--- START ---

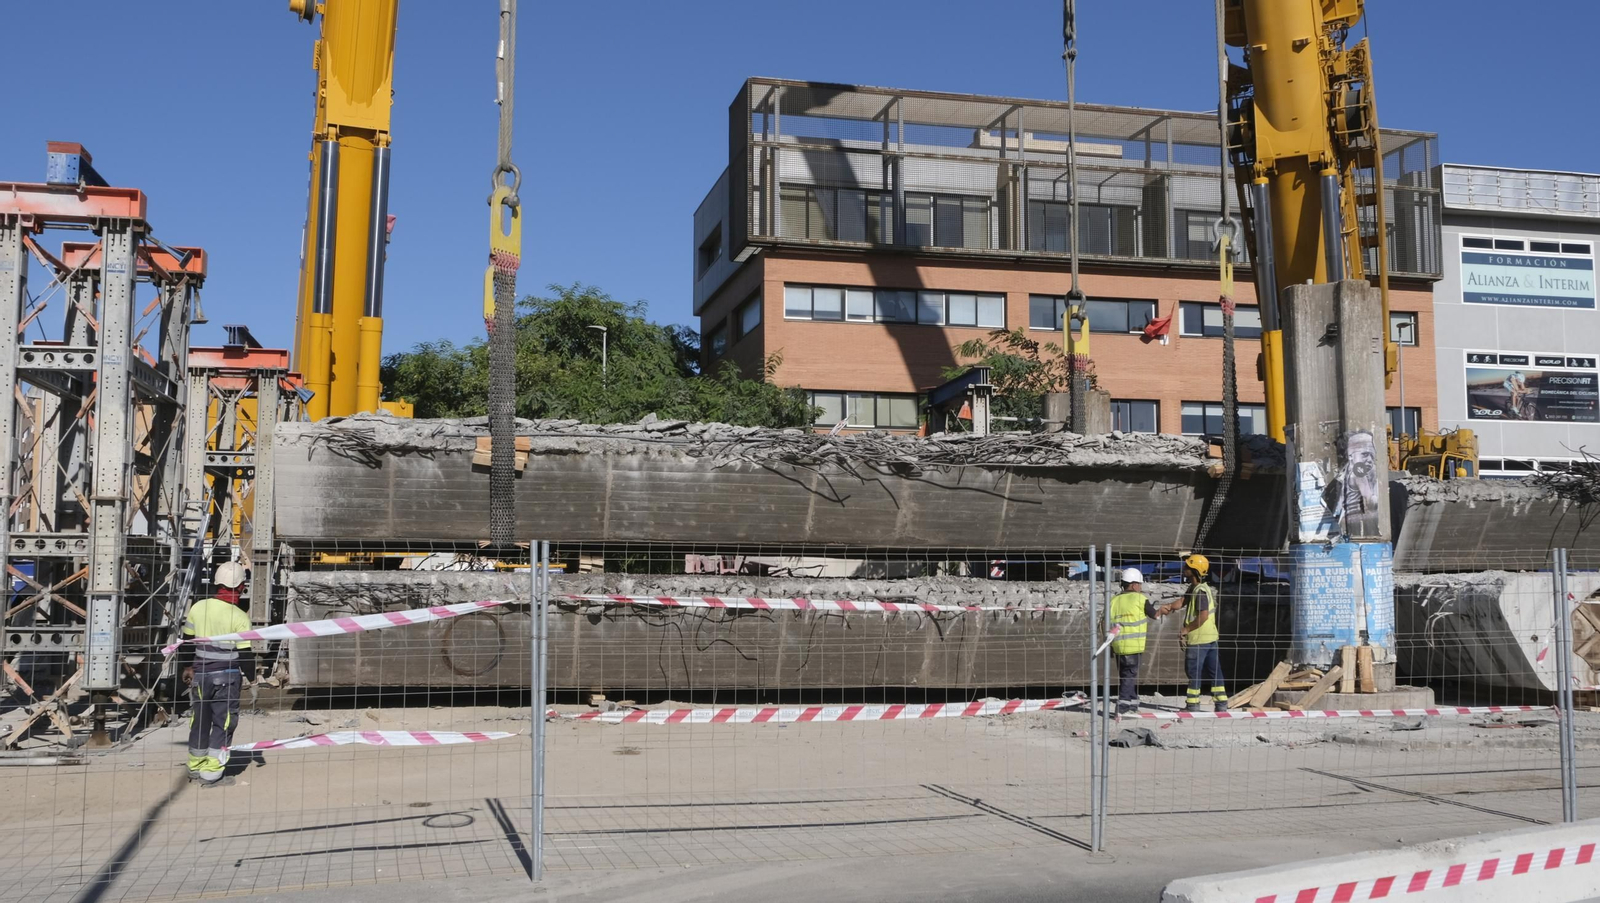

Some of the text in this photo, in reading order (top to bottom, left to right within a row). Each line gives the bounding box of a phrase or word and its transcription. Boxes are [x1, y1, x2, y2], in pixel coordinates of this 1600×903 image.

[1489, 256, 1566, 267] FORMACIÓN
[1467, 272, 1590, 291] ALIANZA & INTERIM
[1481, 296, 1578, 306] WWW.ALIANZAINTERIM.COM
[1549, 376, 1591, 385] PRECISIONFIT
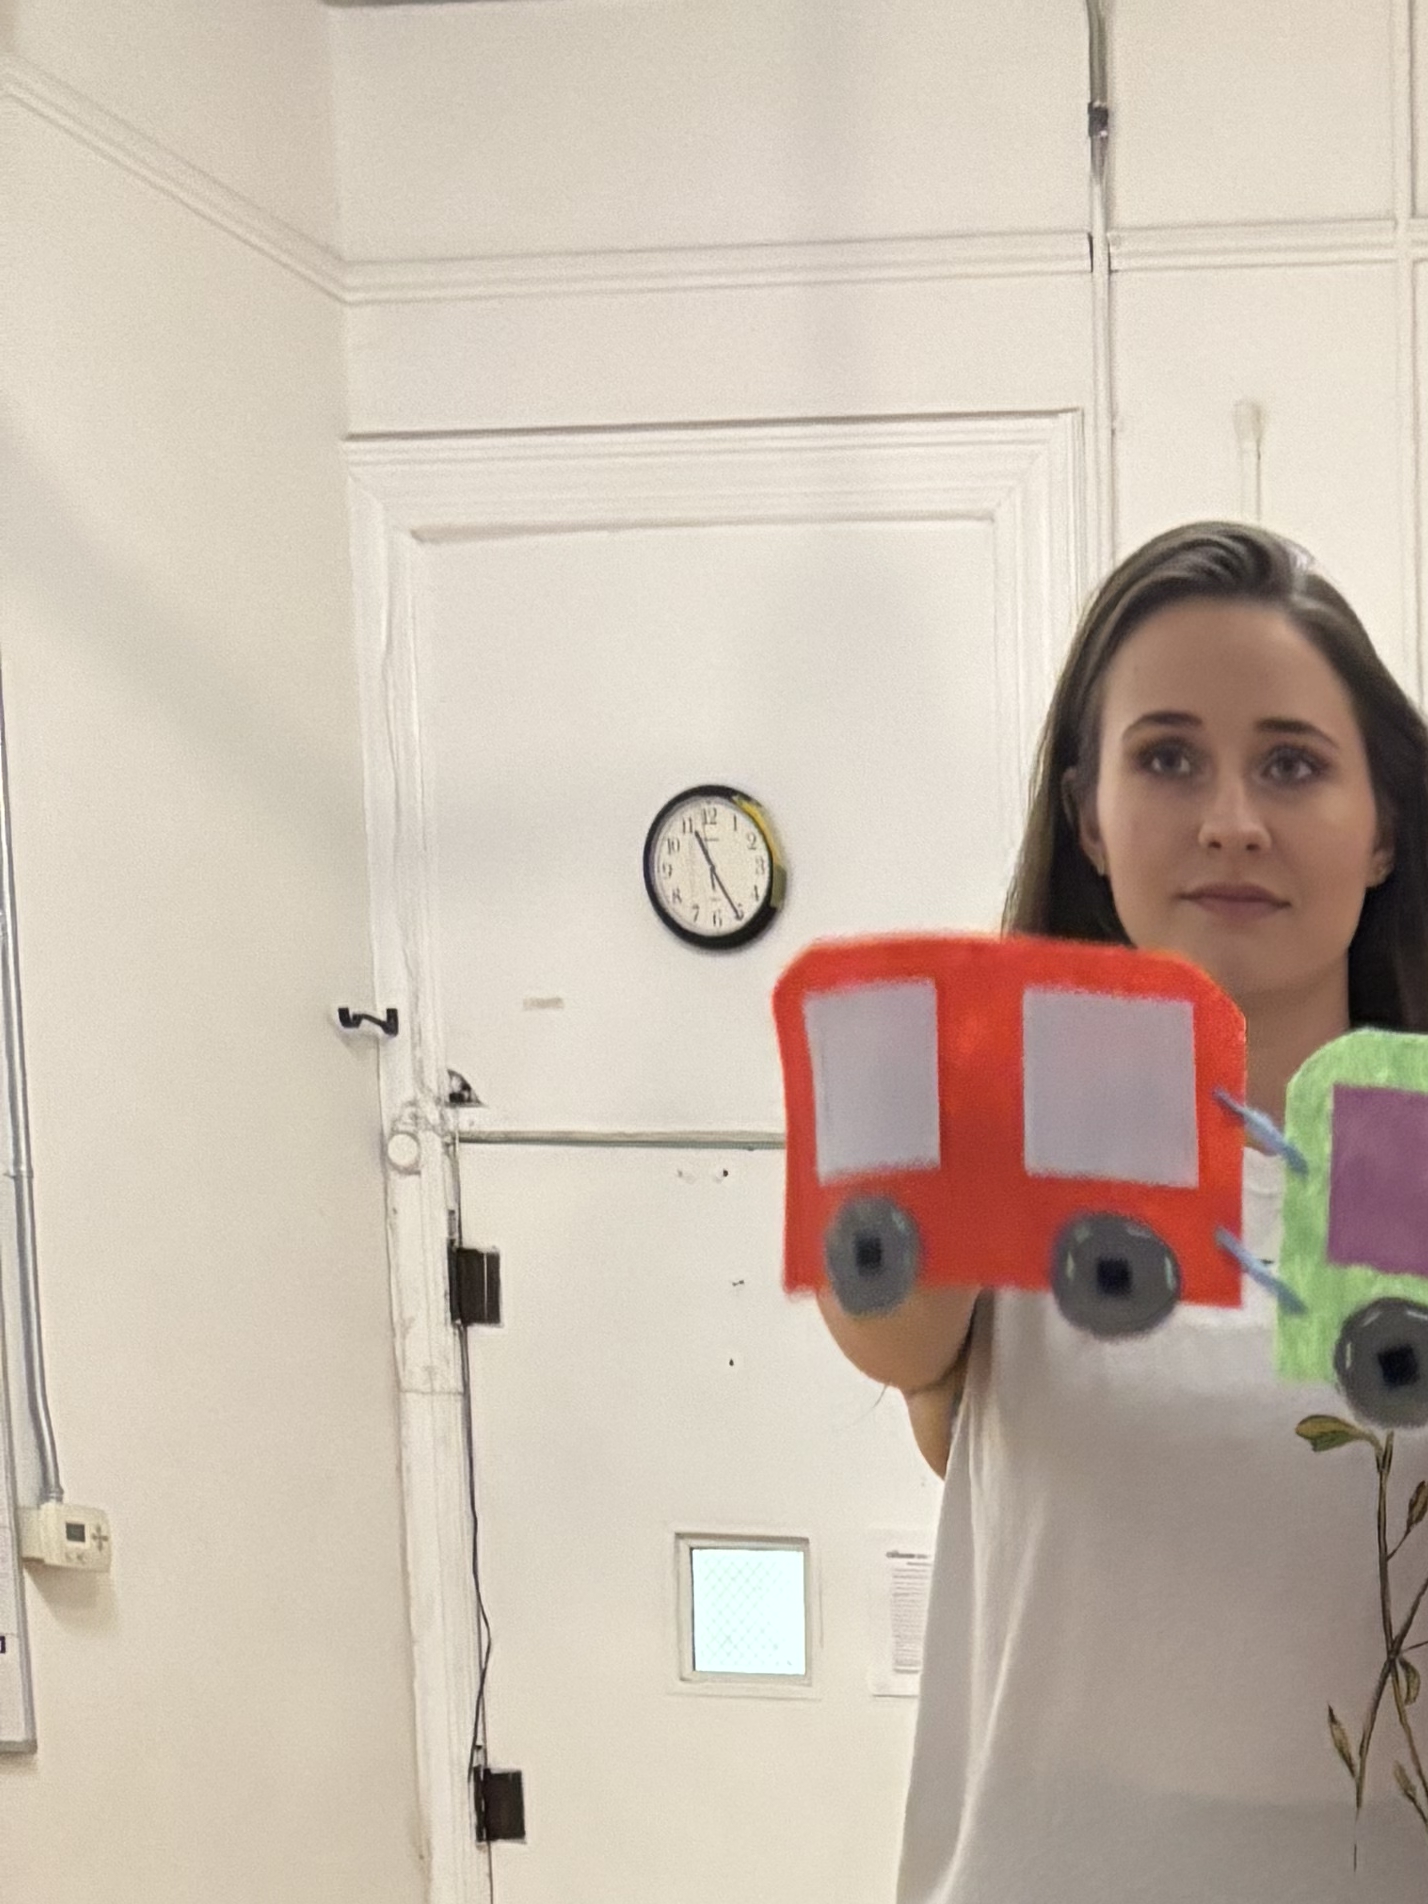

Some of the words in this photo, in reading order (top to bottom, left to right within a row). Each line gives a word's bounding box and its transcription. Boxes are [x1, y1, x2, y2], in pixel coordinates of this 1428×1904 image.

--- END ---

Omitting all pictures, copy the preceding entries without any alteration.

Some of the text in this photo, in reading order (top to bottom, left to right within a row). Each line gives the bounding box of a phrase or word and its transcription. Boxes are [x1, y1, x2, y2], in pixel coordinates of this 1600×903 image.

[1489, 256, 1566, 267] FORMACIÓN
[1467, 272, 1590, 291] ALIANZA & INTERIM
[1481, 296, 1578, 306] WWW.ALIANZAINTERIM.COM
[1549, 376, 1591, 385] PRECISIONFIT

Some of the words in this photo, in reading order (top to bottom, left to right within a row). Each line gives a word's bounding box and its transcription. Boxes are [x1, y1, x2, y2], in pixel coordinates of this 1428×1904 image.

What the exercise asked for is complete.